[Start of section]
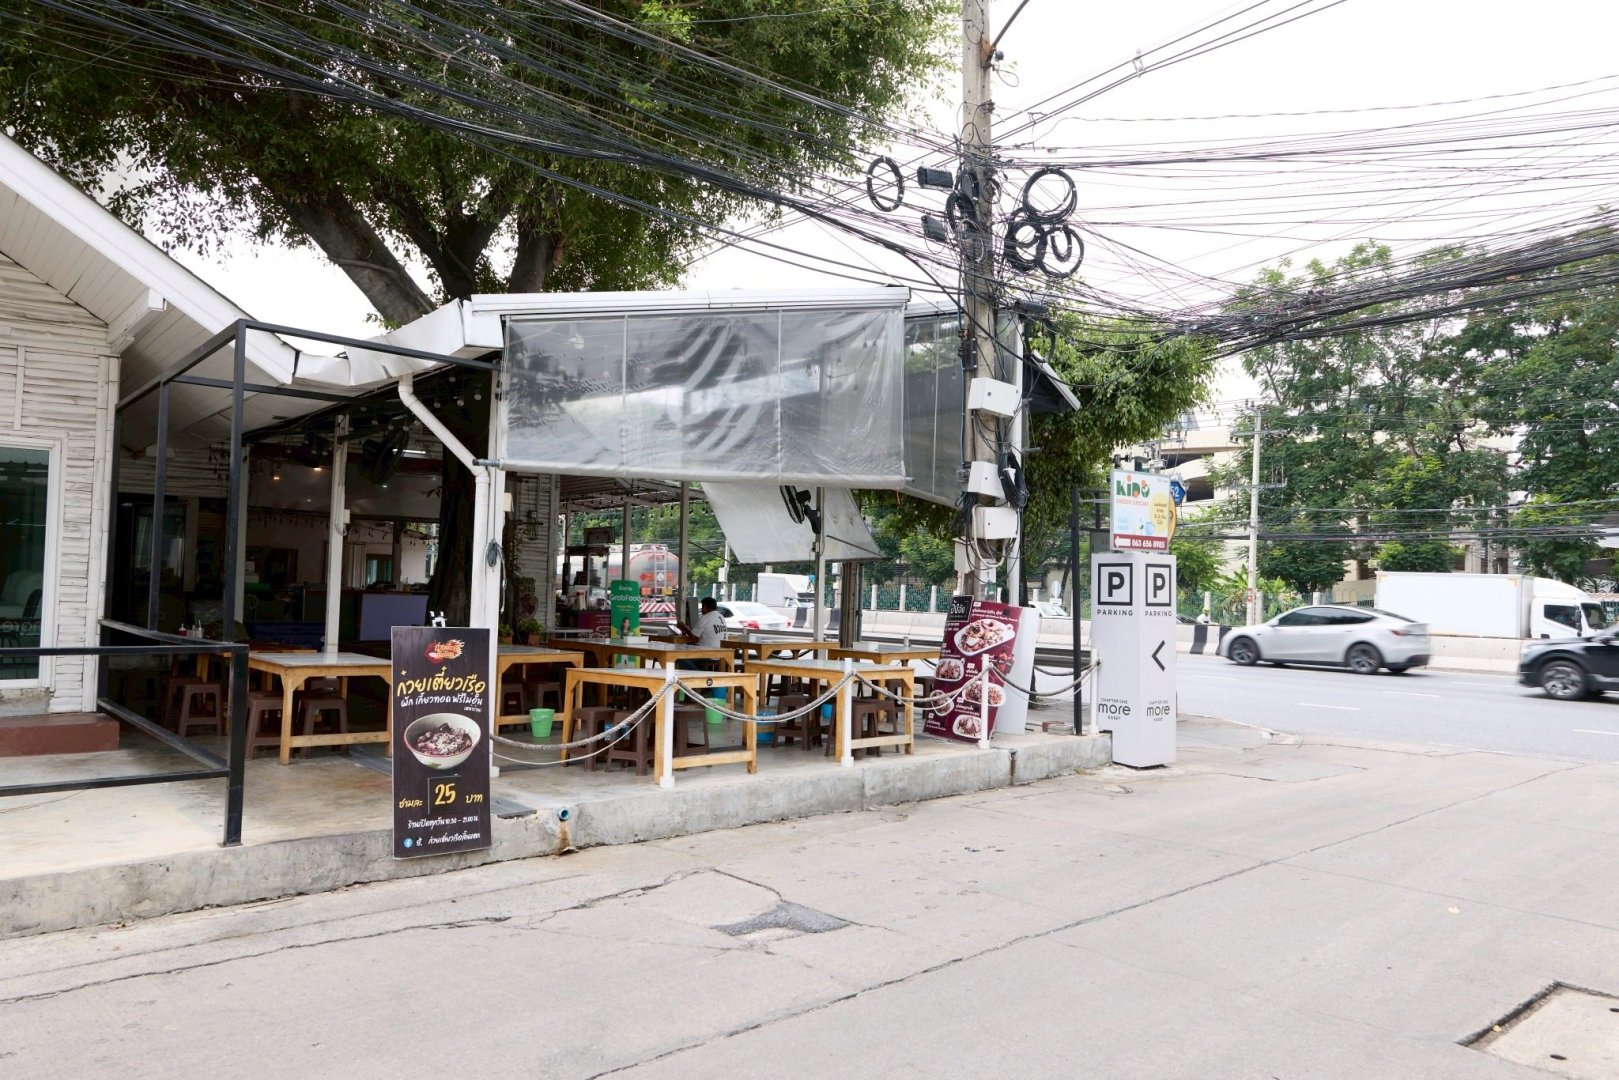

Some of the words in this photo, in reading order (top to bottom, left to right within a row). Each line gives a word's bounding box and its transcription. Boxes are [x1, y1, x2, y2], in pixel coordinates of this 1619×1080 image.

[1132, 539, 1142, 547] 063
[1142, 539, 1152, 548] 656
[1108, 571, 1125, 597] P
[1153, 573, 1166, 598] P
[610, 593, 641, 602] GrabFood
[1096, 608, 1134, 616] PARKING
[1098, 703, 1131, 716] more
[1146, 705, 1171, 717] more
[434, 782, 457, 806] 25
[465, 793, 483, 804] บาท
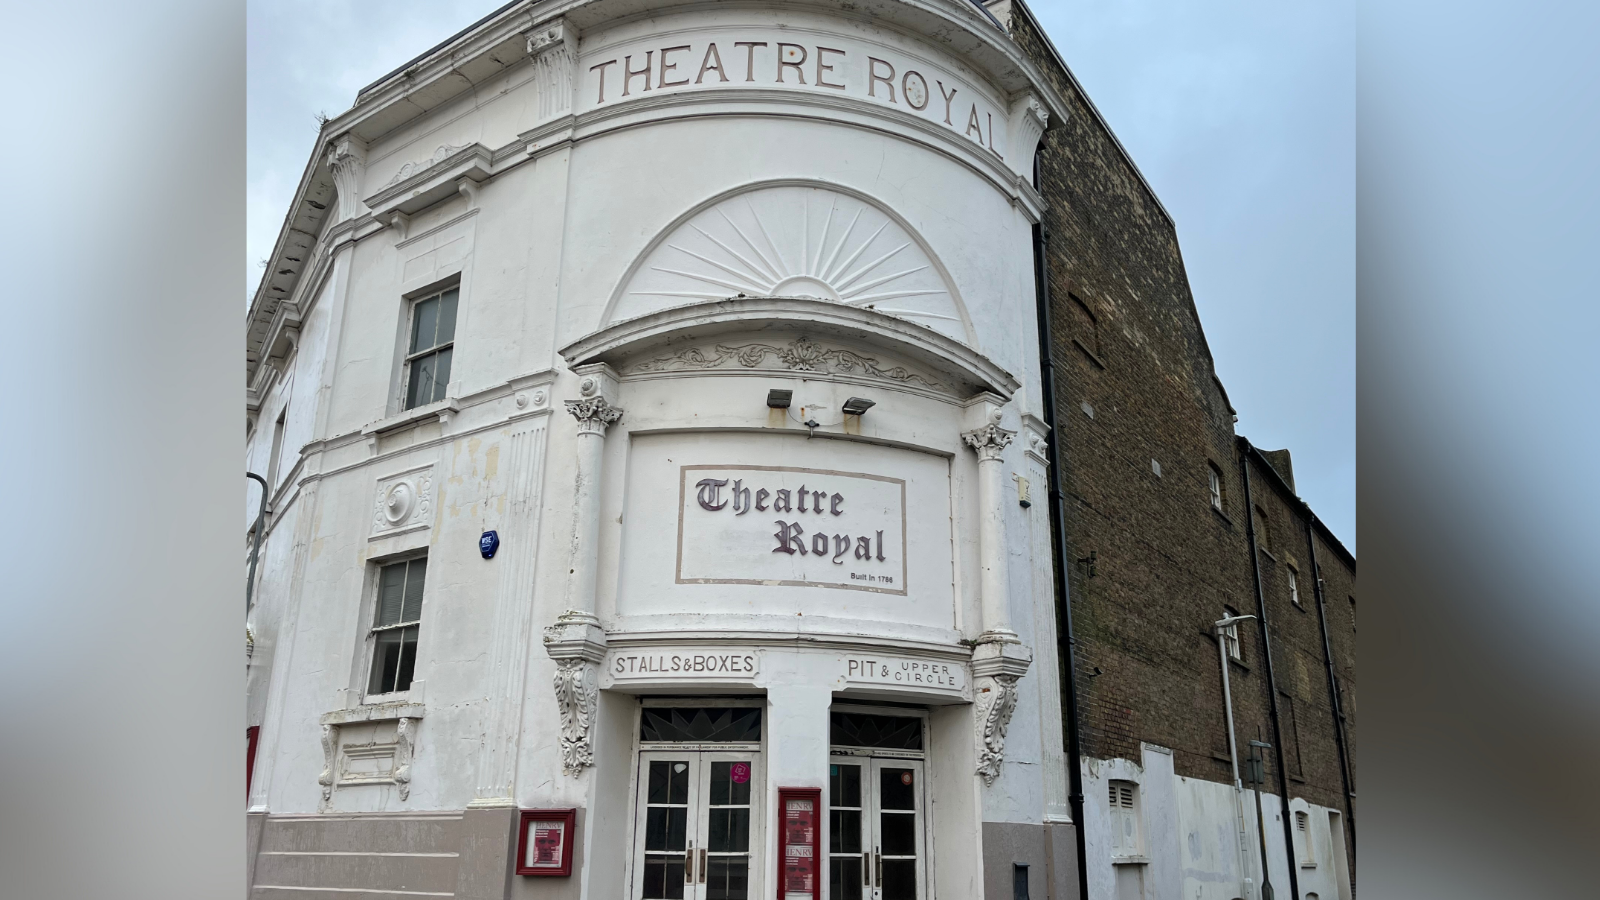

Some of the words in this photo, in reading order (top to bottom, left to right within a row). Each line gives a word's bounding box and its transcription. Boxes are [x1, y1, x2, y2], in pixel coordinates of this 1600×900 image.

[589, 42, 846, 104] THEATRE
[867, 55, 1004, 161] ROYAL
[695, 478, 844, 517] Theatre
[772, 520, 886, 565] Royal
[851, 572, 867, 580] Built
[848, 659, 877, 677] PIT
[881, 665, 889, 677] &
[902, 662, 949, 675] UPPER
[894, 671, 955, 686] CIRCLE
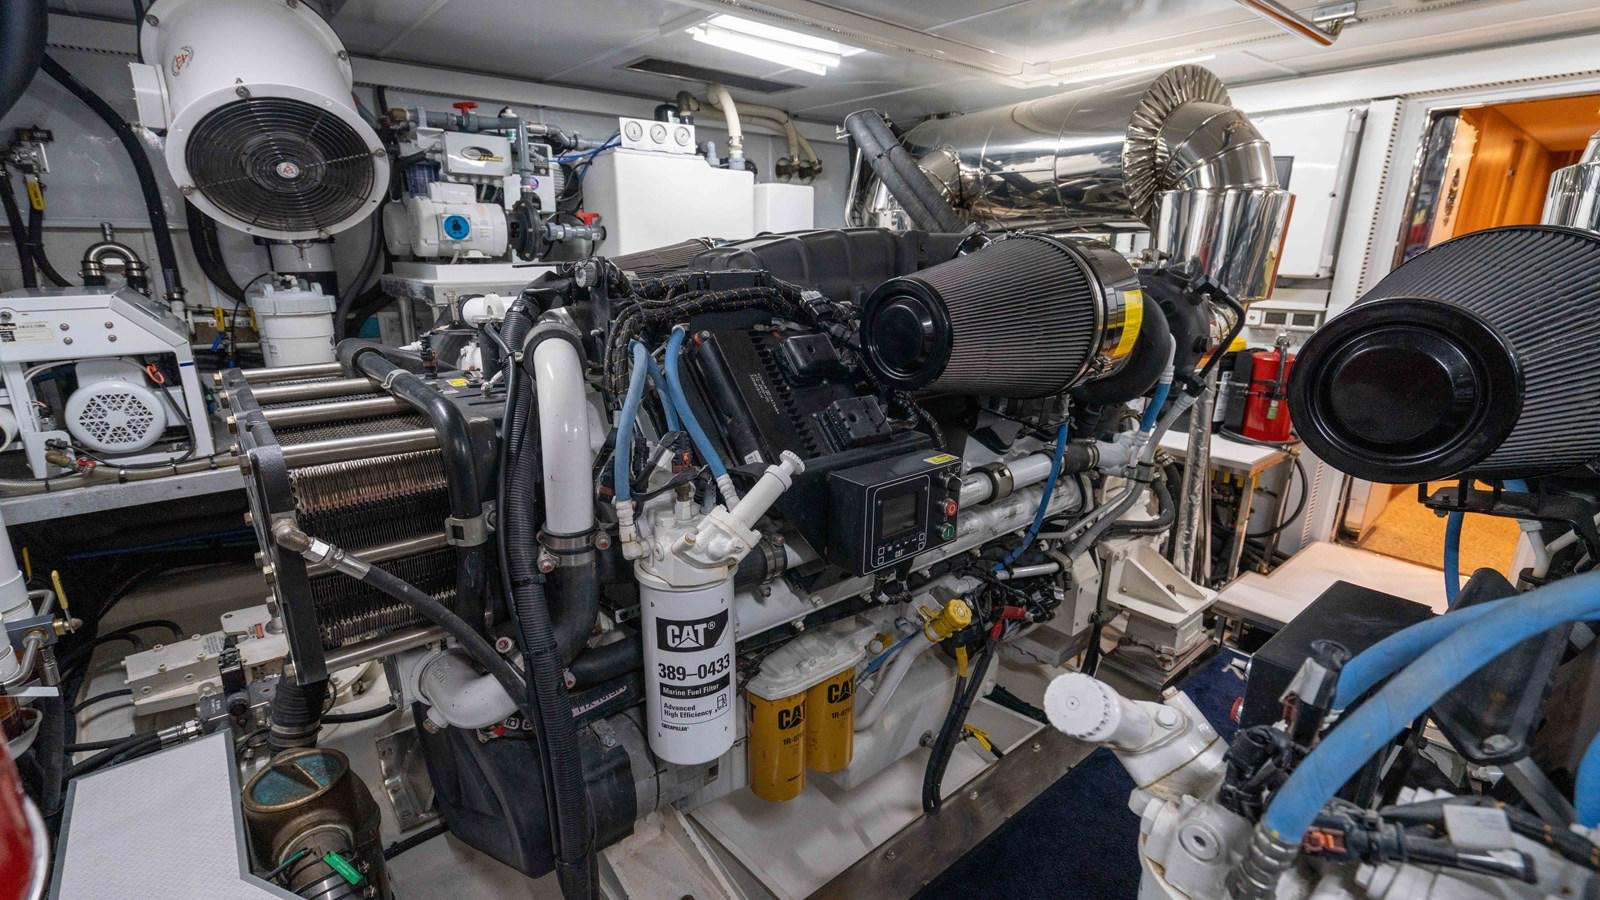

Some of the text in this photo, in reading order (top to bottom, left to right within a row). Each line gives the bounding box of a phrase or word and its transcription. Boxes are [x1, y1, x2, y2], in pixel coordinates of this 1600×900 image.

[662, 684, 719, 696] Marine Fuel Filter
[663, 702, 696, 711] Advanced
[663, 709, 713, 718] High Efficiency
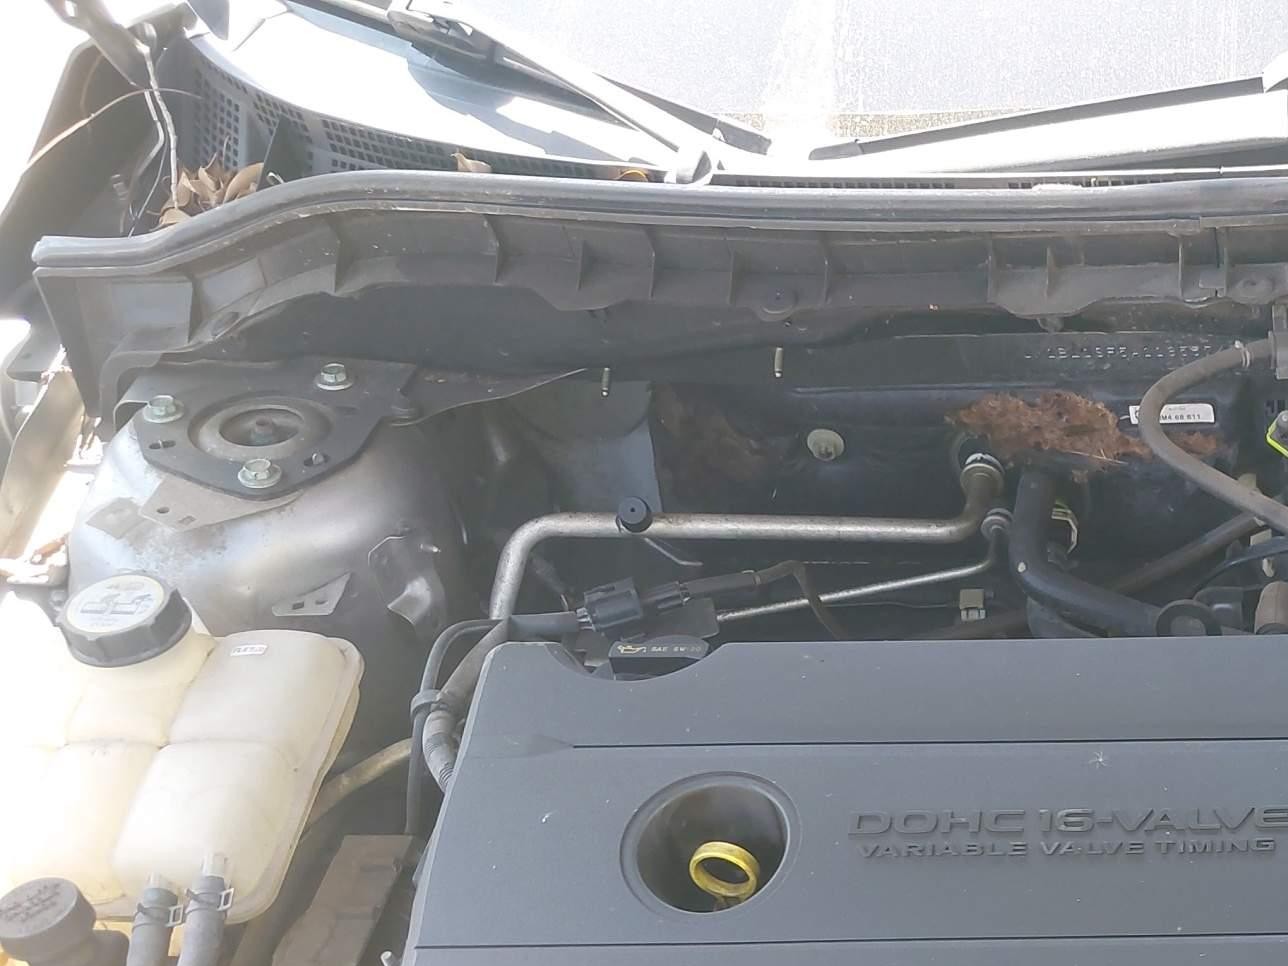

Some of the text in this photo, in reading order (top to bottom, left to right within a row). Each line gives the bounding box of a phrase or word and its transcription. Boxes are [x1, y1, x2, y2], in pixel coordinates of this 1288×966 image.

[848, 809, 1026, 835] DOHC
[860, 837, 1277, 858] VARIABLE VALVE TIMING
[End of section]
*Task to carry out:* Type out the data above once more, exactly, with no images included.

*Response for this exercise:*
Some of the words in this photo, in reading order (top to bottom, left to right within a row). Each line gives a word's bounding box and its transcription. Boxes are [x1, y1, x2, y2], in pixel coordinates of this 1619×1080 image.

[1132, 539, 1142, 547] 063
[1142, 539, 1152, 548] 656
[1108, 571, 1125, 597] P
[1153, 573, 1166, 598] P
[610, 593, 641, 602] GrabFood
[1096, 608, 1134, 616] PARKING
[1098, 703, 1131, 716] more
[1146, 705, 1171, 717] more
[434, 782, 457, 806] 25
[465, 793, 483, 804] บาท

Some of the words in this photo, in reading order (top to bottom, left to right within a row). Each line gives a word's bounding box and its transcription. Boxes are [x1, y1, x2, y2], in pixel coordinates of this 1600×900 image.

[589, 42, 846, 104] THEATRE
[867, 55, 1004, 161] ROYAL
[695, 478, 844, 517] Theatre
[772, 520, 886, 565] Royal
[851, 572, 867, 580] Built
[848, 659, 877, 677] PIT
[881, 665, 889, 677] &
[902, 662, 949, 675] UPPER
[894, 671, 955, 686] CIRCLE

Some of the text in this photo, in reading order (top to bottom, left to right within a row). Each line gives the bounding box of a phrase or word and its transcription. Boxes are [x1, y1, x2, y2], in pixel coordinates of this 1600×900 image.

[662, 684, 719, 696] Marine Fuel Filter
[663, 702, 696, 711] Advanced
[663, 709, 713, 718] High Efficiency

Some of the text in this photo, in reading order (top to bottom, left to right within a row). Each line gives the bounding box of a phrase or word and its transcription. Boxes are [x1, y1, x2, y2], in pixel coordinates of this 1288×966 image.

[848, 809, 1026, 835] DOHC
[860, 837, 1277, 858] VARIABLE VALVE TIMING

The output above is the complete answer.